Long term, I want to move fully to Linux, but heres the catch Im considering running a Linux–Linux dual boot instead basically using Mint alongside something like Fedora. The main purpose of this machine is gaming.

So far, Ive tested around 40 games on Mint. About 37 worked basically out of the box. For two of them, a friend helped me get things running, and the last one only worked after I swtiched to older NVIDIA drivers. Overall pretty happy with the results

Im also planning to move to an AMD GPU in the future, since Ive heard they tend to be less hassle on Linux than NVIDIA cards.

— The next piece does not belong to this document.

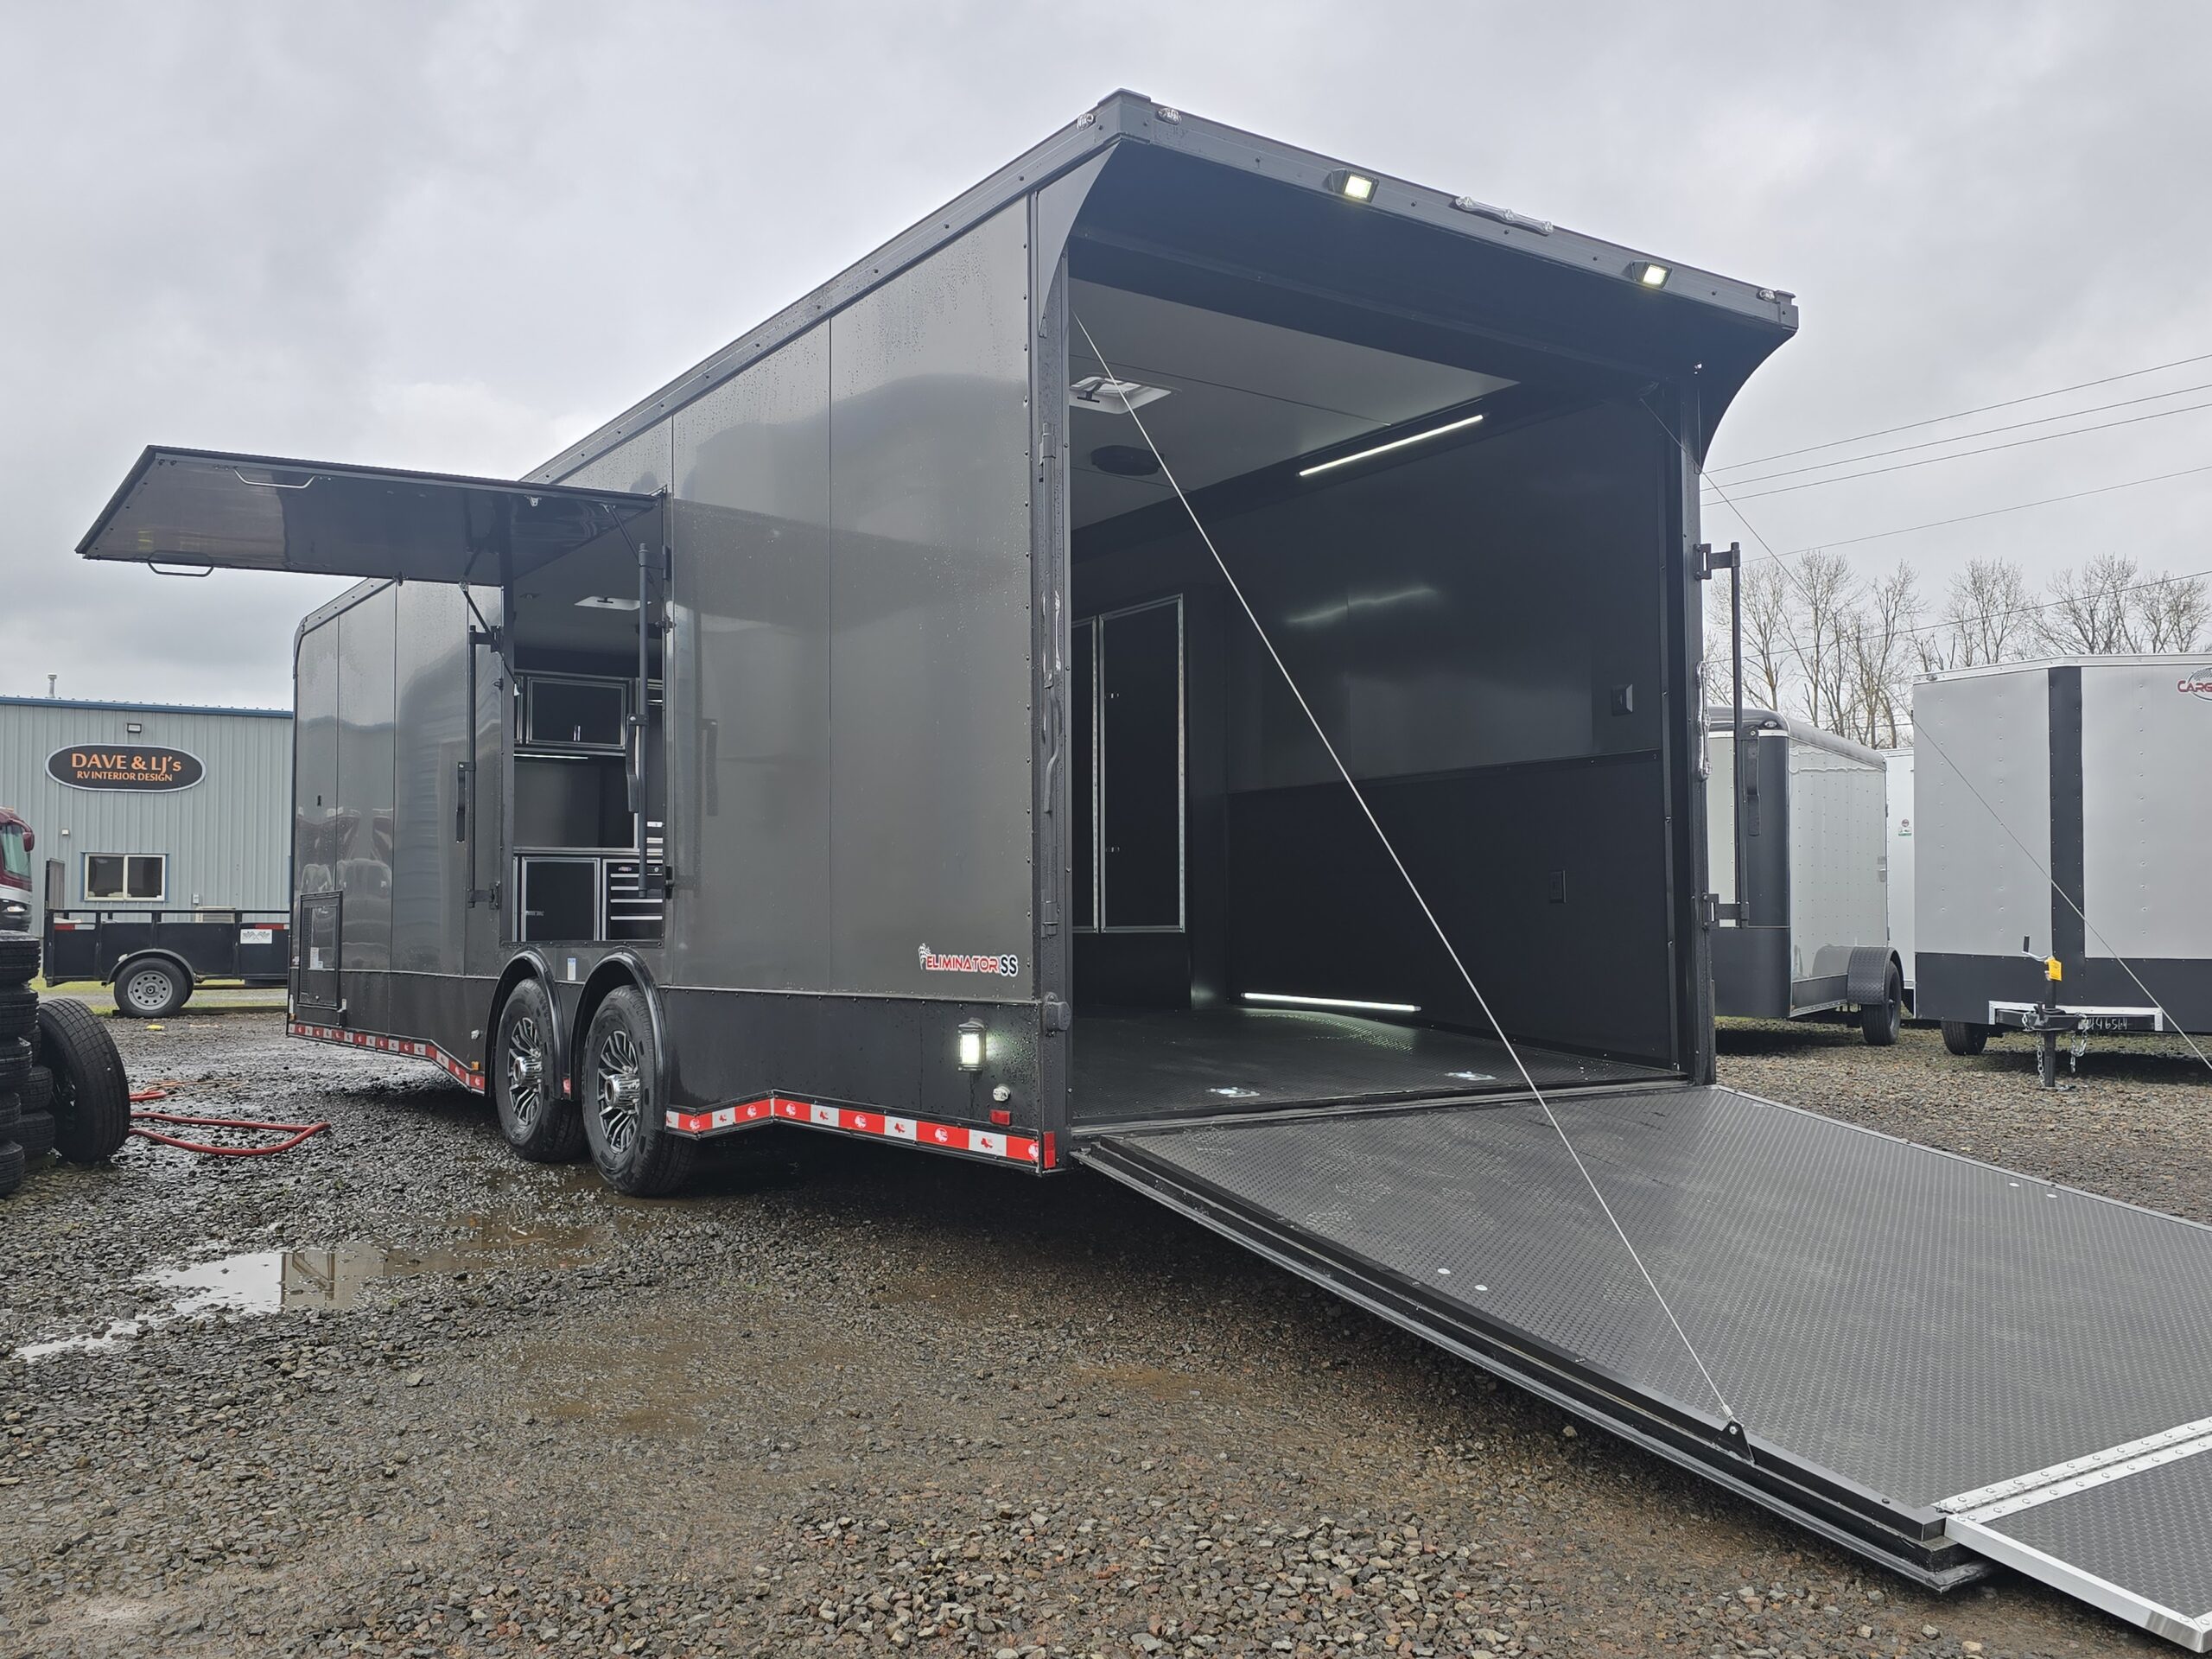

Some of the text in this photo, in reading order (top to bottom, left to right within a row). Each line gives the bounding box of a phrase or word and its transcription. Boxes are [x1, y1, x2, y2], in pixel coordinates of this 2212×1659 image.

[72, 753, 182, 774] DAVE & LJ's
[77, 771, 173, 782] RV INTERIOR DESIGN

My plan is to give each Linux distro its own 1-terabyte SSD. So the question is: is this overall a bad idea? I like Mint,but I also want to try out other distros for a longer time period, and I really like the flexibility that dual booting gives me.

Would Mint and Fedora be a good pairing for mostly gaming and a bit of browsing, or would you recommend something other than Fedora? Its going good so far on Mint. One of the reasons why Im considering a Linux dualboot is cause I could run Mint with older drivers and Fedora with cutting edge drivers and that way hopefully max performance in my gaming. (That was at least my idea as a novice)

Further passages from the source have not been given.